IMF Warns 'Tit-for-Tat' Trade Policies Threaten Global Economy

The IMF's chief economist, Pierre-Olivier Gourinchas, warned that 'tit-for-tat' trade policies, aimed at small national advantages, are self-defeating and threaten the global economy. These protectionist measures risk reducing global trade volumes, increasing costs, and dampening economic growth.

Pierre-Olivier Gourinchas, the outgoing chief economist for the International Monetary Fund (IMF), has issued a stark warning regarding the escalating trend of 'tit-for-tat' trade policies globally. Gourinchas cautioned that national attempts to secure minor, isolated economic advantages through protectionist measures are ultimately 'self-defeating' and pose a significant risk to the broader global economic landscape. The IMF’s assessment underscores a growing concern among international financial institutions about the fragmentation of global trade. Such policies typically involve retaliatory tariffs, non-tariff barriers, or domestic subsidies designed to favor local industries at the expense of international competition. While proponents argue these measures protect jobs and foster domestic growth, Gourinchas's remarks highlight the potential for a negative feedback loop where trade barriers by one nation elicit similar responses from others, leading to reduced overall trade volumes and diminished global economic efficiency. The warning comes at a time when several major economies are implementing or considering policies that lean towards protectionism, driven by geopolitical tensions, supply chain resilience concerns, and domestic industrial policy objectives. The IMF has consistently advocated for open trade systems, emphasizing their role in fostering economic growth, innovation, and poverty reduction.
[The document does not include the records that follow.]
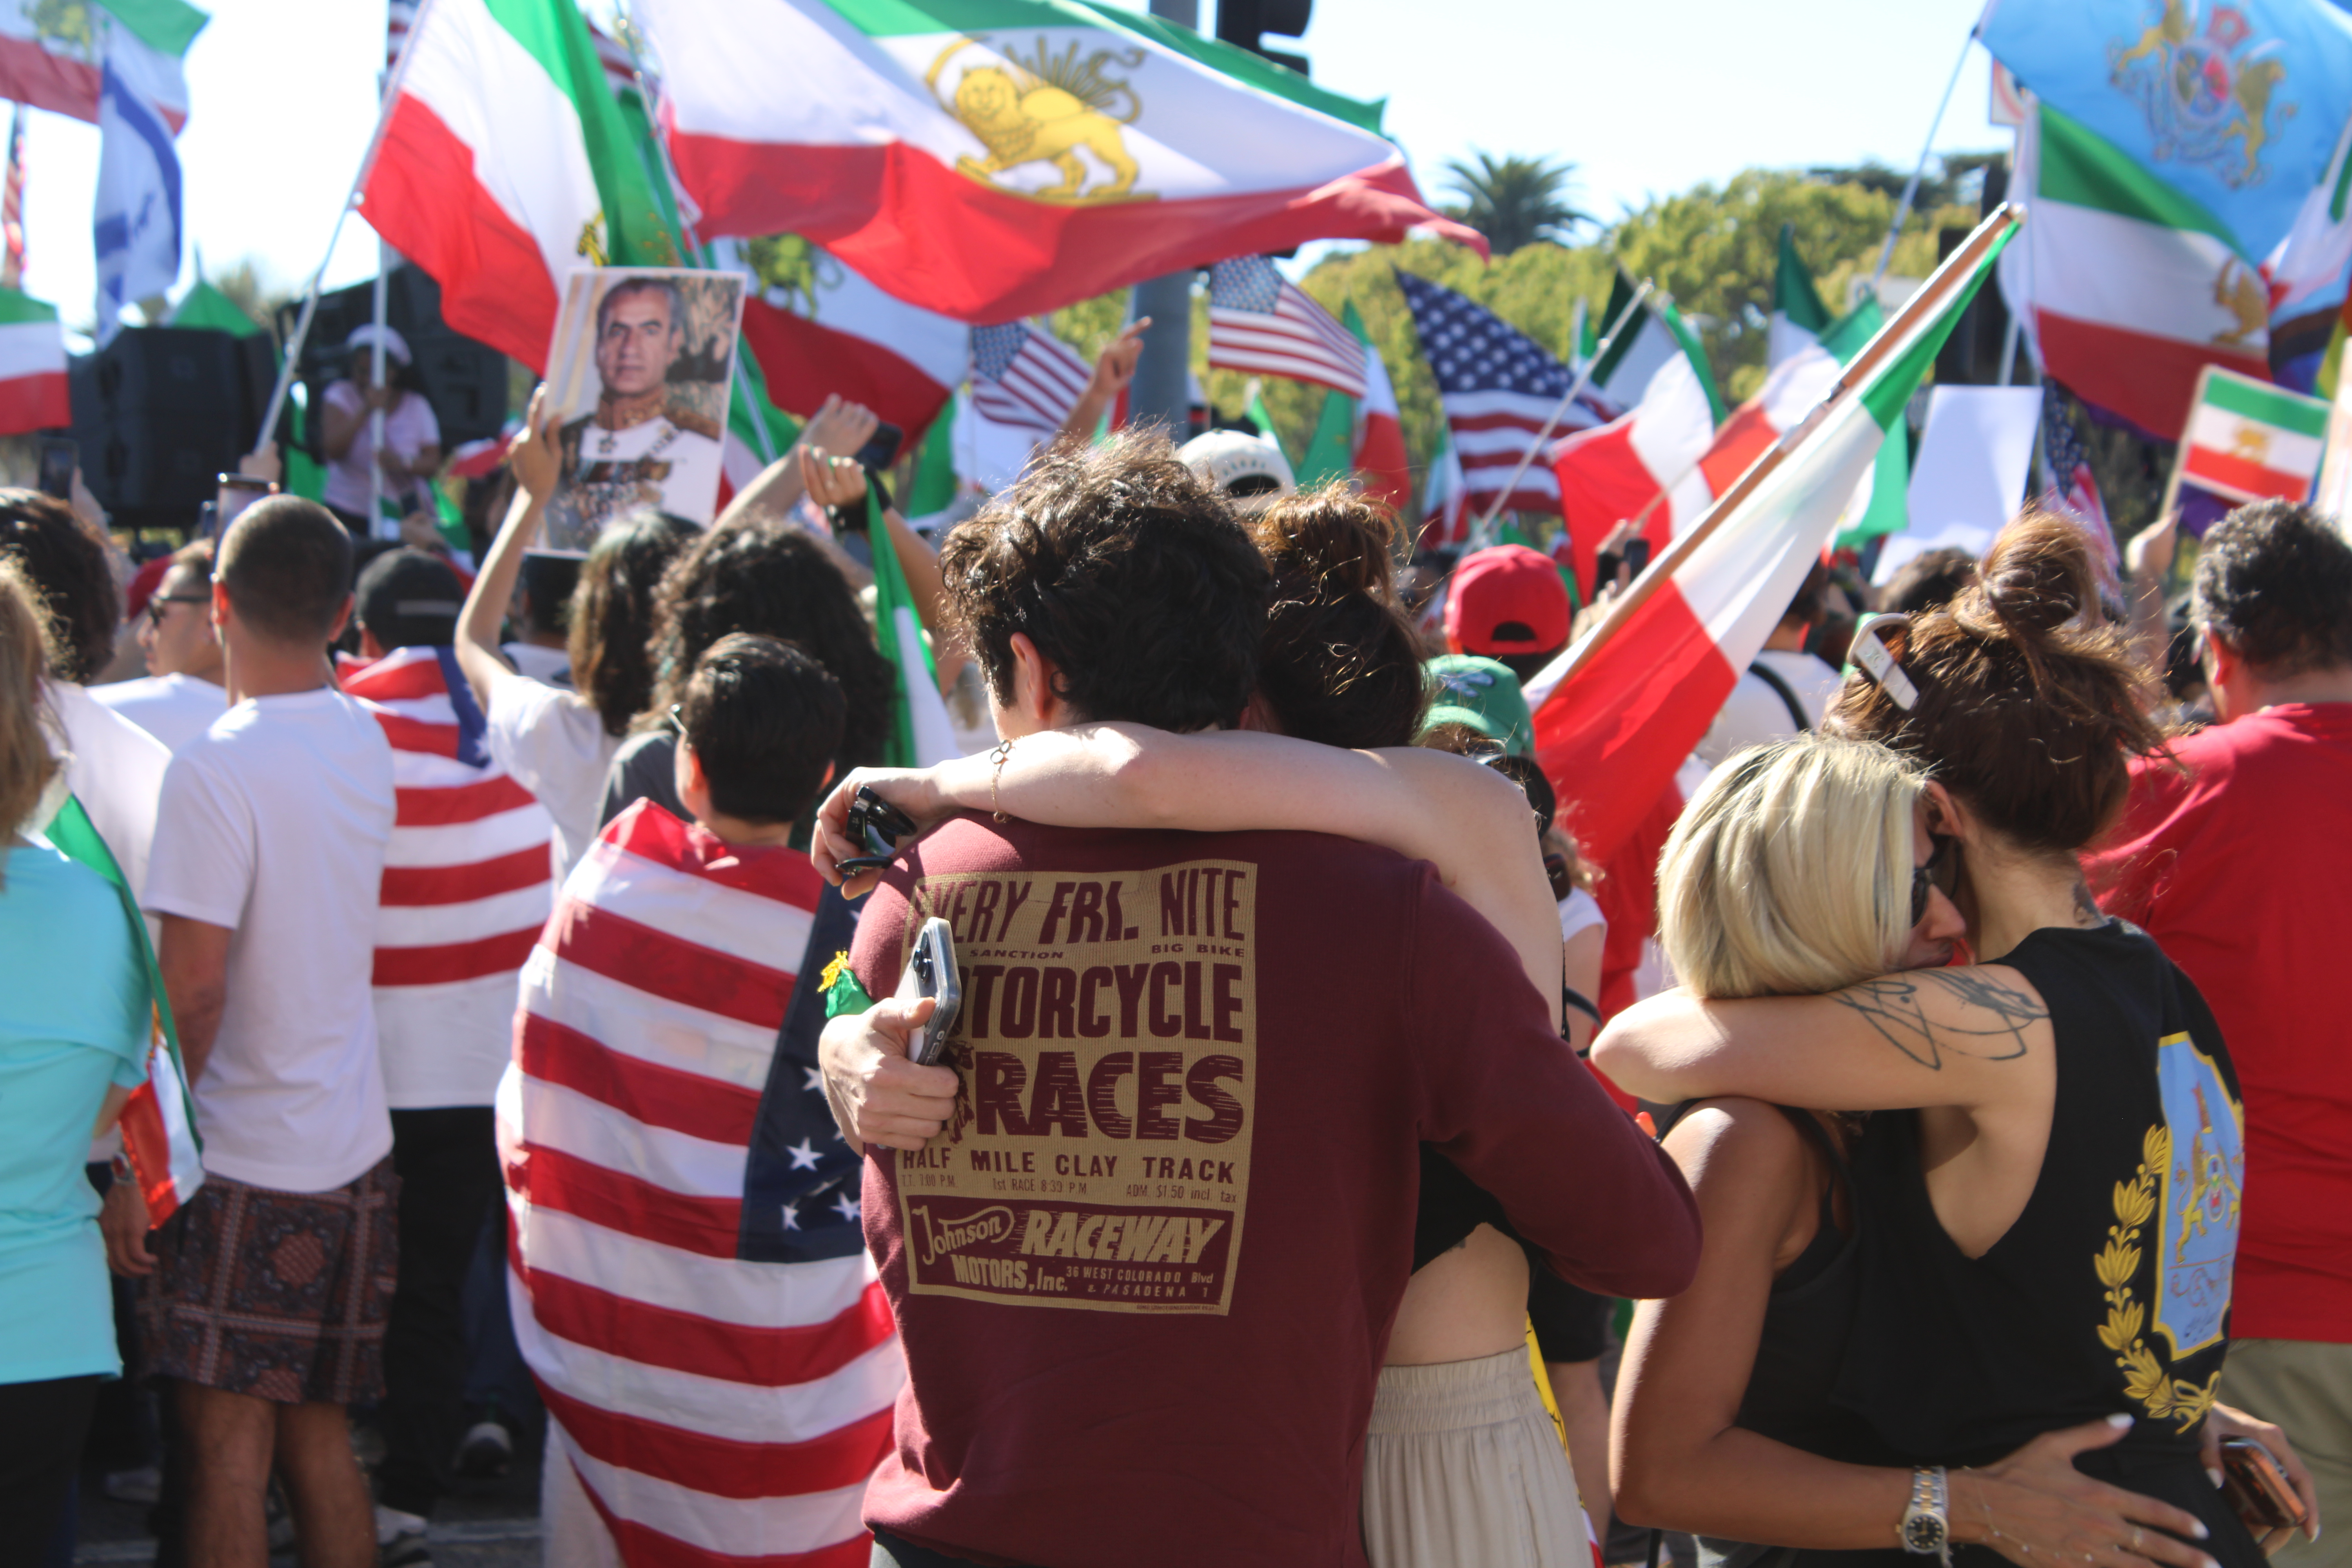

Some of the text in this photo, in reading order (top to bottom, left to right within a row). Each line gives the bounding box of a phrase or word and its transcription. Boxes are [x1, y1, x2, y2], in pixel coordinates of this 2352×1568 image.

[1038, 881, 1139, 944] FRI.
[1161, 867, 1246, 941] NITE
[970, 943, 1245, 959] SANCTION BIG BIKE
[949, 962, 1243, 1043] TORCYCLE
[976, 1051, 1244, 1144] RACES
[903, 1147, 1235, 1184] HALF MILE CLAY TRACK
[993, 1178, 1007, 1191] 1st
[1012, 1179, 1036, 1192] RACE
[1220, 1190, 1236, 1203] tax
[912, 1205, 1225, 1265] Johnson RACEWAY
[1037, 1267, 1068, 1291] Inc.
[1066, 1266, 1214, 1283] 36 WEST COLORADO Blvd
[1103, 1283, 1186, 1297] PASADENA
Gourinchas's departure lends weight to his final public pronouncements, reinforcing the IMF's long-standing position on the perils of trade wars. The economic implications of sustained trade warfare include higher consumer prices due to increased import costs, reduced corporate profitability for businesses reliant on global supply chains, and a potential slowdown in global GDP growth. Furthermore, it can disincentivize foreign direct investment and disrupt technological diffusion, ultimately hindering long-term productivity gains. The IMF’s latest projection indicates that such fragmentation could cumulatively shave a significant percentage off global GDP over the coming decade.

Analyst's Take

While the immediate impact of trade fragmentation is often seen in goods, the overlooked second-order effect will be a slowdown in cross-border services trade and capital flows, further dampening global productivity growth. The timing of this warning, coinciding with Gourinchas's exit, might signal a more aggressive stance from the IMF on trade protectionism in its upcoming reports, which markets may not be fully pricing in, potentially leading to increased volatility in trade-sensitive sectors.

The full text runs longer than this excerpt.